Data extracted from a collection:
________________________
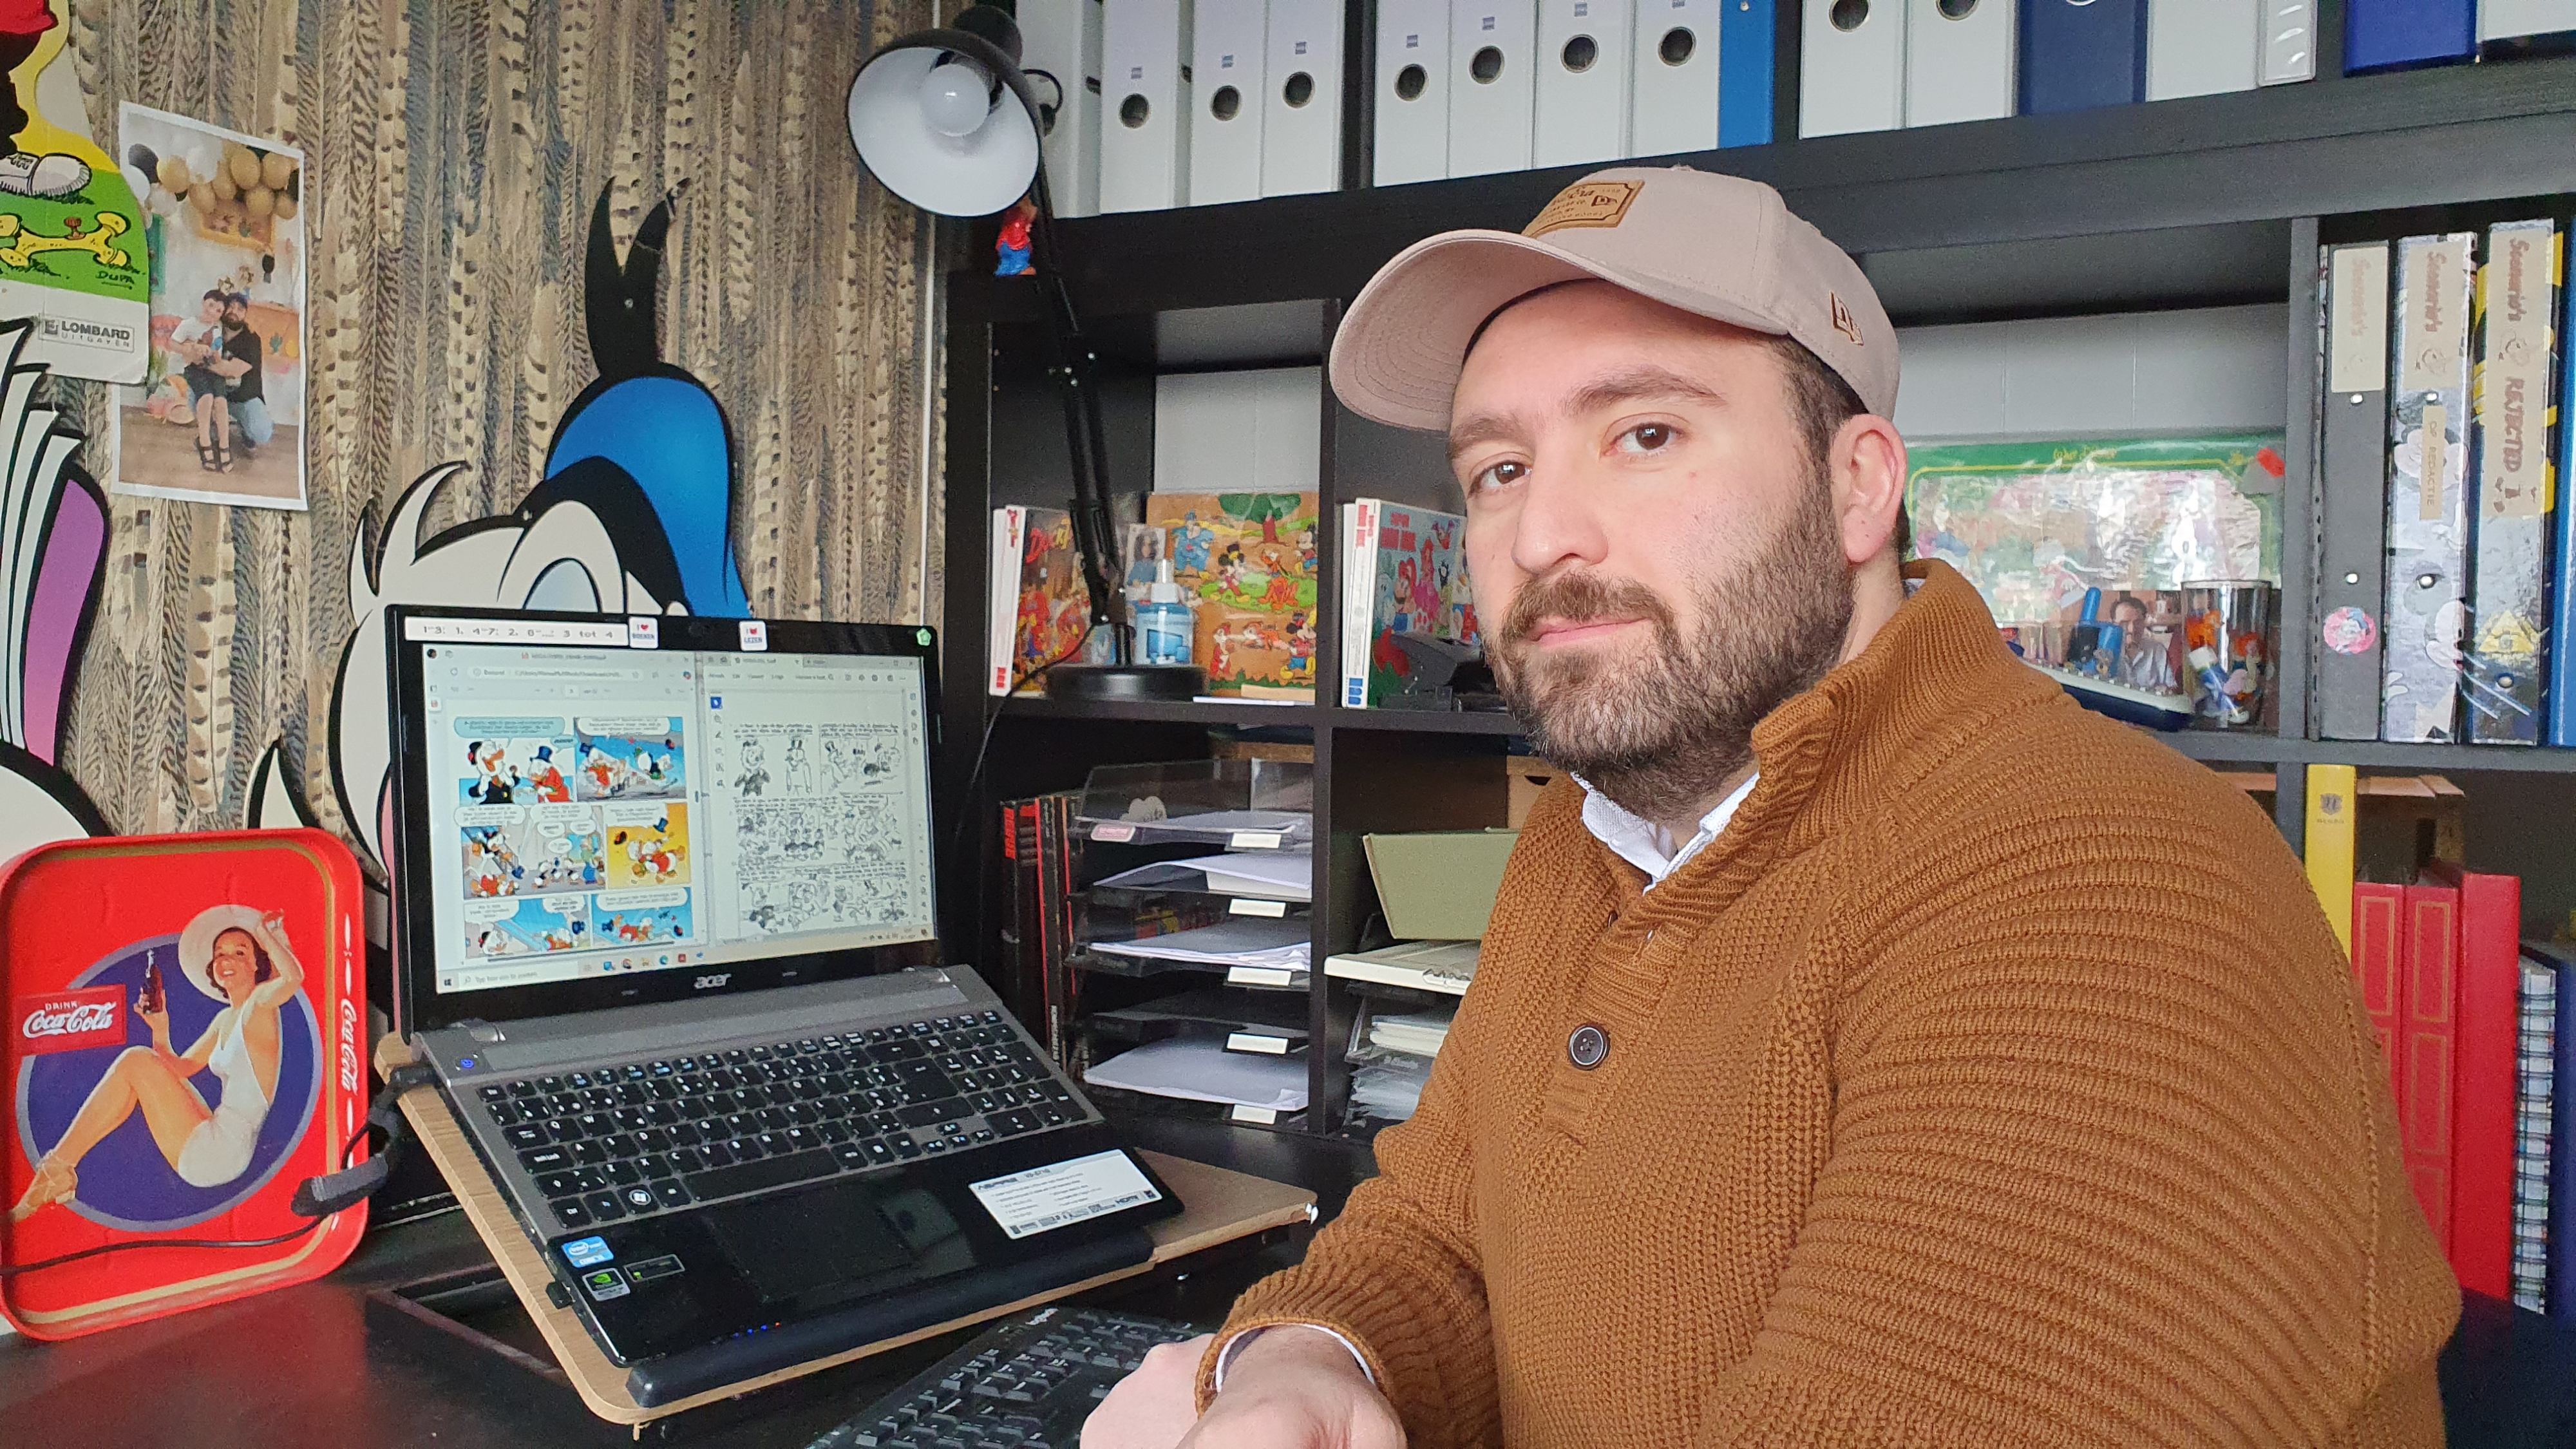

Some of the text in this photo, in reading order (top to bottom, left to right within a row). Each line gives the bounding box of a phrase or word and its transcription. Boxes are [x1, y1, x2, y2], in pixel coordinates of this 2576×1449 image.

[62, 321, 130, 340] LOMBARD
[2503, 376, 2525, 473] REJECTED
[2425, 446, 2438, 507] REDACTIE
[694, 973, 732, 989] acer
[23, 1001, 117, 1038] Coca-Cola
[44, 1001, 78, 1011] DRINK
________________________
_AIM OF THE EXERCISE_
Drop the images and quote the entries word for word.

_ANSWER TO THIS EXERCISE_
Some of the text in this photo, in reading order (top to bottom, left to right within a row). Each line gives the bounding box of a phrase or word and its transcription. Boxes are [x1, y1, x2, y2], in pixel coordinates of this 2576×1449 image.

[62, 321, 130, 340] LOMBARD
[2503, 376, 2525, 473] REJECTED
[2425, 446, 2438, 507] REDACTIE
[694, 973, 732, 989] acer
[23, 1001, 117, 1038] Coca-Cola
[44, 1001, 78, 1011] DRINK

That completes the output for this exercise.